Exercise instructions:
Reproduce the records below in full and word for word, excluding pictures.
(Extracted material)
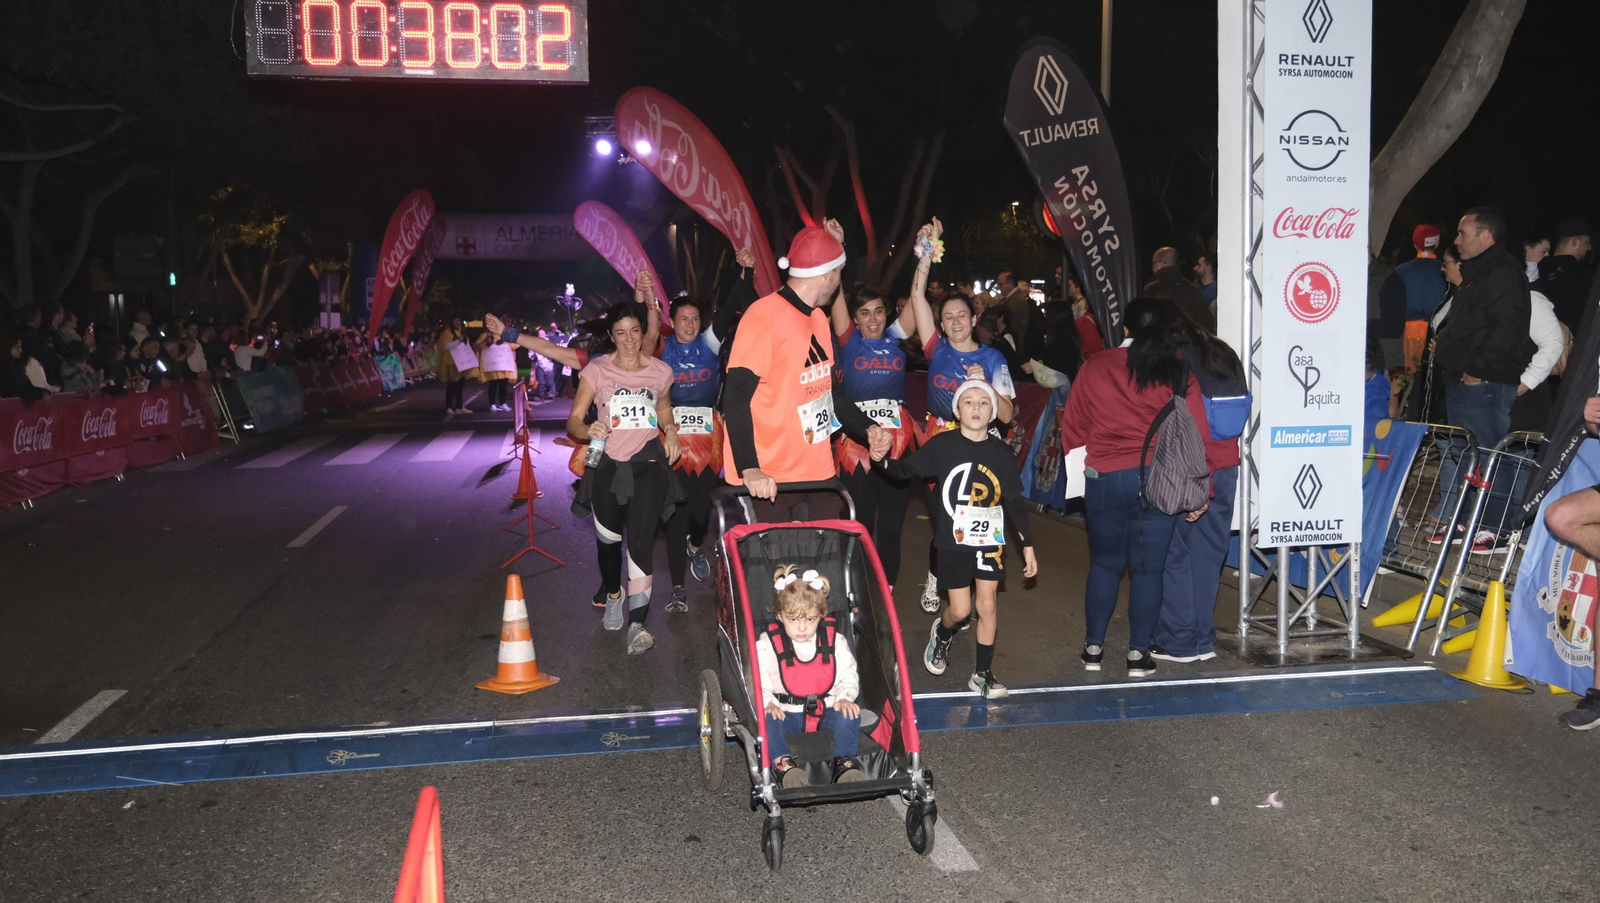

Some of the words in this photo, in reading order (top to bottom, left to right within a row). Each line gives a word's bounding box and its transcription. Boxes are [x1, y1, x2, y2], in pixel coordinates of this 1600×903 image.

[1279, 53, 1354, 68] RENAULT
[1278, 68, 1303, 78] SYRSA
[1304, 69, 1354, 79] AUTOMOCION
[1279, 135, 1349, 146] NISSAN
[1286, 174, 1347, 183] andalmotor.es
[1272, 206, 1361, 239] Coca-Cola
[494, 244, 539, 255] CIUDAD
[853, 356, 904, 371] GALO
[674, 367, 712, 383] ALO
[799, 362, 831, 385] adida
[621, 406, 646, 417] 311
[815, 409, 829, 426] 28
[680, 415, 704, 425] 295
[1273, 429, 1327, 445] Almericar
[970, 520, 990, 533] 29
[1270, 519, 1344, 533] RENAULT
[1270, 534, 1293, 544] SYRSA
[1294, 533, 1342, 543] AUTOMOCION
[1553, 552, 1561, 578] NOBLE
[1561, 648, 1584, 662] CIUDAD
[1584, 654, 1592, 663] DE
(End Extracted material)
Solution:
Some of the words in this photo, in reading order (top to bottom, left to right within a row). Each line gives a word's bounding box and its transcription. Boxes are [x1, y1, x2, y2], in pixel coordinates of this 1600×903 image.

[1279, 53, 1354, 68] RENAULT
[1278, 68, 1303, 78] SYRSA
[1304, 69, 1354, 79] AUTOMOCION
[1279, 135, 1349, 146] NISSAN
[1286, 174, 1347, 183] andalmotor.es
[1272, 206, 1361, 239] Coca-Cola
[494, 244, 539, 255] CIUDAD
[853, 356, 904, 371] GALO
[674, 367, 712, 383] ALO
[799, 362, 831, 385] adida
[621, 406, 646, 417] 311
[815, 409, 829, 426] 28
[680, 415, 704, 425] 295
[1273, 429, 1327, 445] Almericar
[970, 520, 990, 533] 29
[1270, 519, 1344, 533] RENAULT
[1270, 534, 1293, 544] SYRSA
[1294, 533, 1342, 543] AUTOMOCION
[1553, 552, 1561, 578] NOBLE
[1561, 648, 1584, 662] CIUDAD
[1584, 654, 1592, 663] DE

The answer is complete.